Top of RECORDS PROVIDED

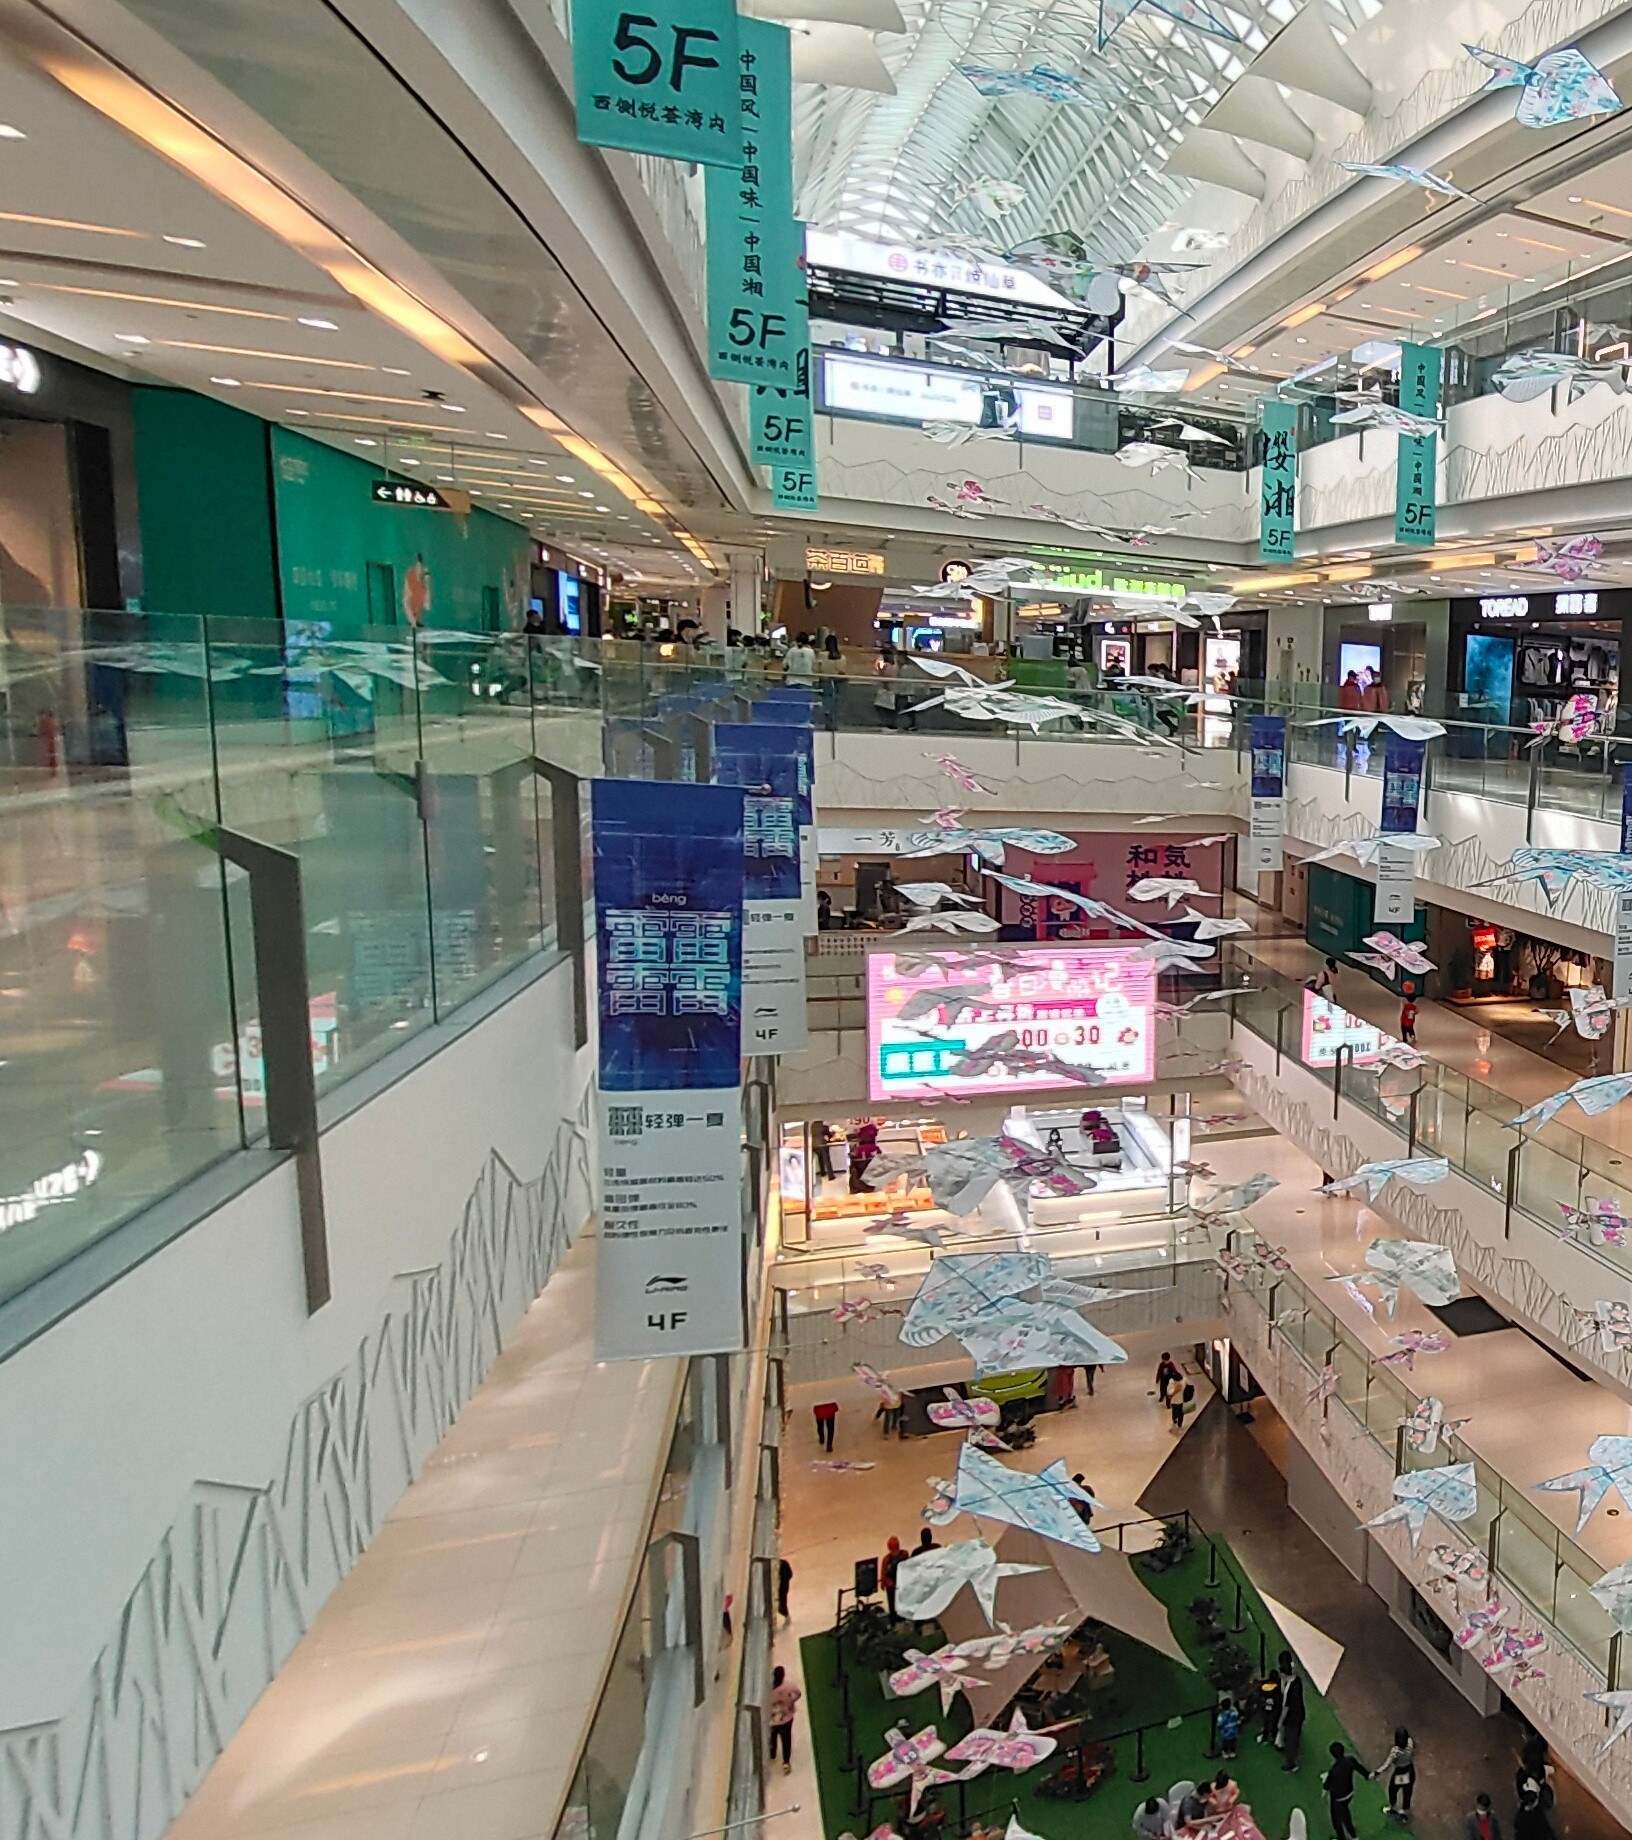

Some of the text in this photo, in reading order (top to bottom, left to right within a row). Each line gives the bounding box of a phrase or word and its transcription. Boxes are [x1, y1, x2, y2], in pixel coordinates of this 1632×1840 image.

[611, 13, 719, 92] 5F
[592, 94, 725, 134] 西侧悦荟湾内
[728, 308, 786, 349] 5F
[763, 415, 803, 442] 5F
[782, 471, 812, 492] 5F
[1404, 503, 1431, 525] 5F
[1267, 529, 1290, 546] 5F
[1479, 597, 1528, 617] TOREAD
[755, 1028, 778, 1040] 4F
[648, 1312, 687, 1331] 4F
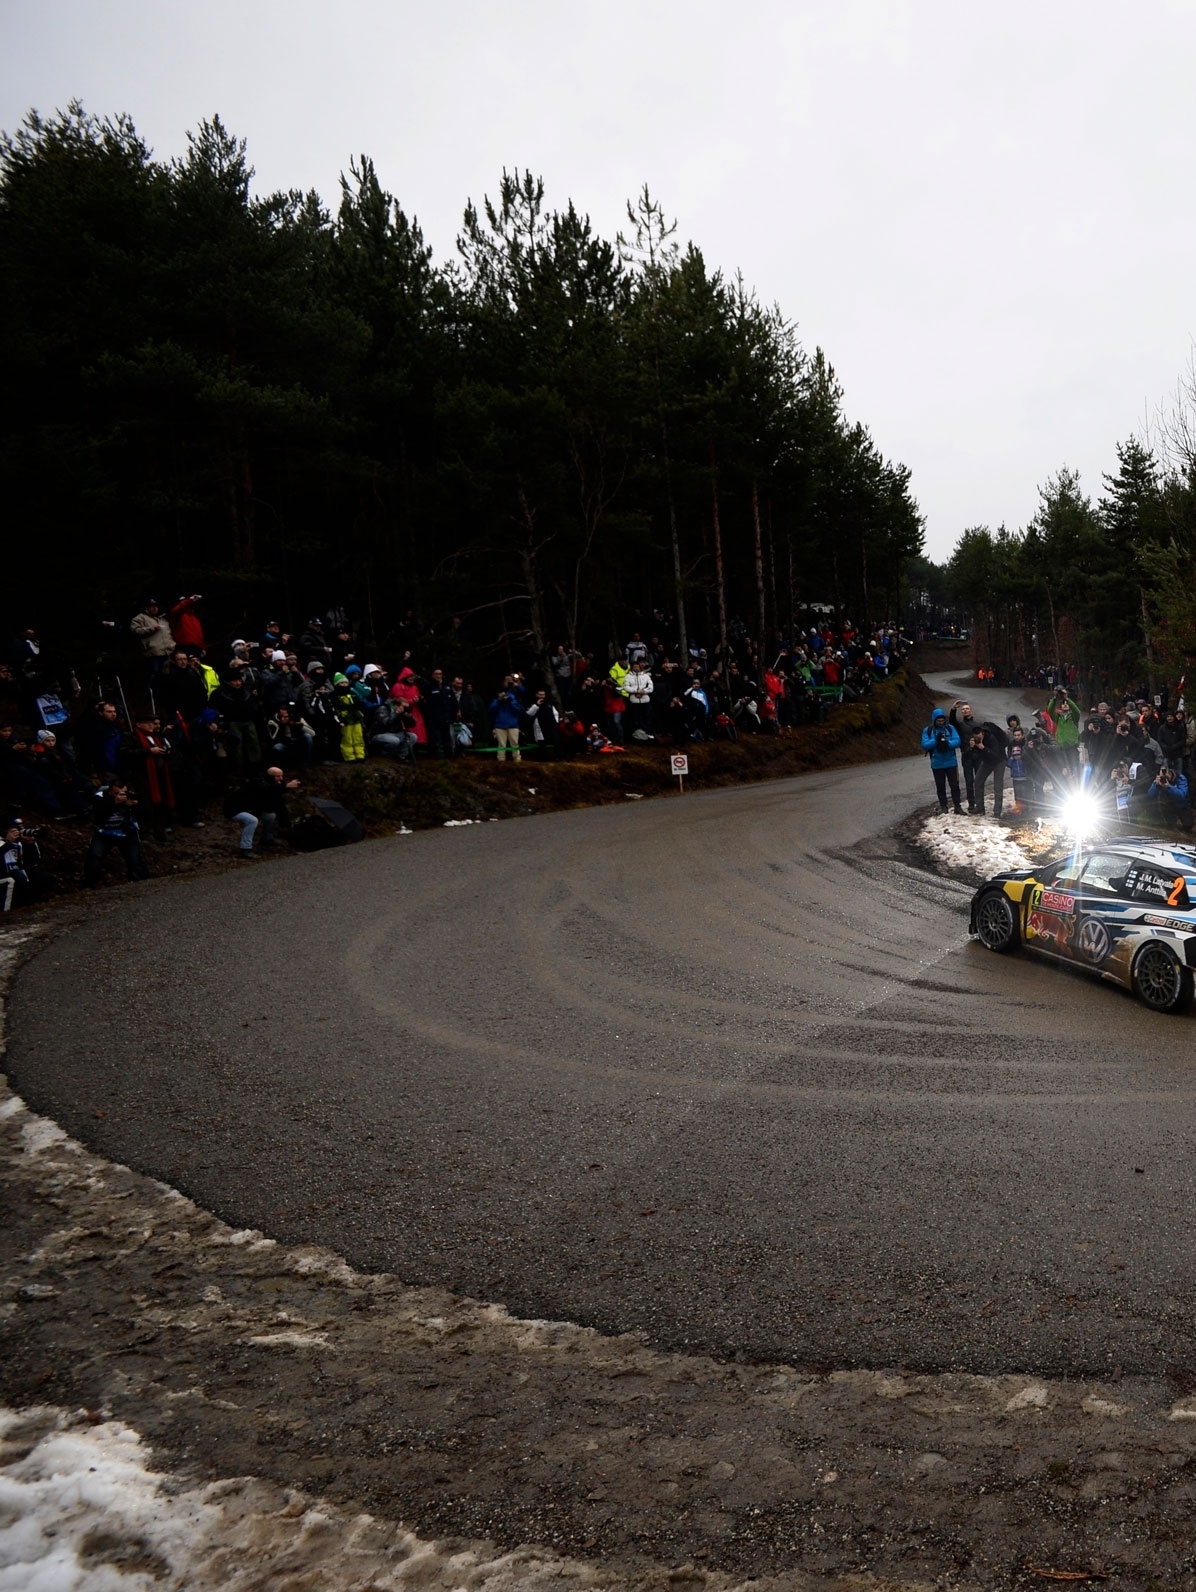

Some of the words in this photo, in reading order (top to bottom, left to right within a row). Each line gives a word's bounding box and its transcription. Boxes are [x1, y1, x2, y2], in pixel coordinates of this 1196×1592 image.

[1136, 882, 1145, 891] M.
[1167, 876, 1185, 906] 2
[1034, 890, 1041, 905] 2
[1043, 892, 1073, 907] CASINO
[1166, 919, 1195, 932] EDGE

Bottom of RECORDS PROVIDED

EXERCISE DESCRIPTION: Take the lines from the one containing "Some of the words" to the last line of the material above and write them out exactly.

SOLUTION TO THIS PROBLEM:
Some of the words in this photo, in reading order (top to bottom, left to right within a row). Each line gives a word's bounding box and its transcription. Boxes are [x1, y1, x2, y2], in pixel coordinates of this 1196×1592 image.

[1136, 882, 1145, 891] M.
[1167, 876, 1185, 906] 2
[1034, 890, 1041, 905] 2
[1043, 892, 1073, 907] CASINO
[1166, 919, 1195, 932] EDGE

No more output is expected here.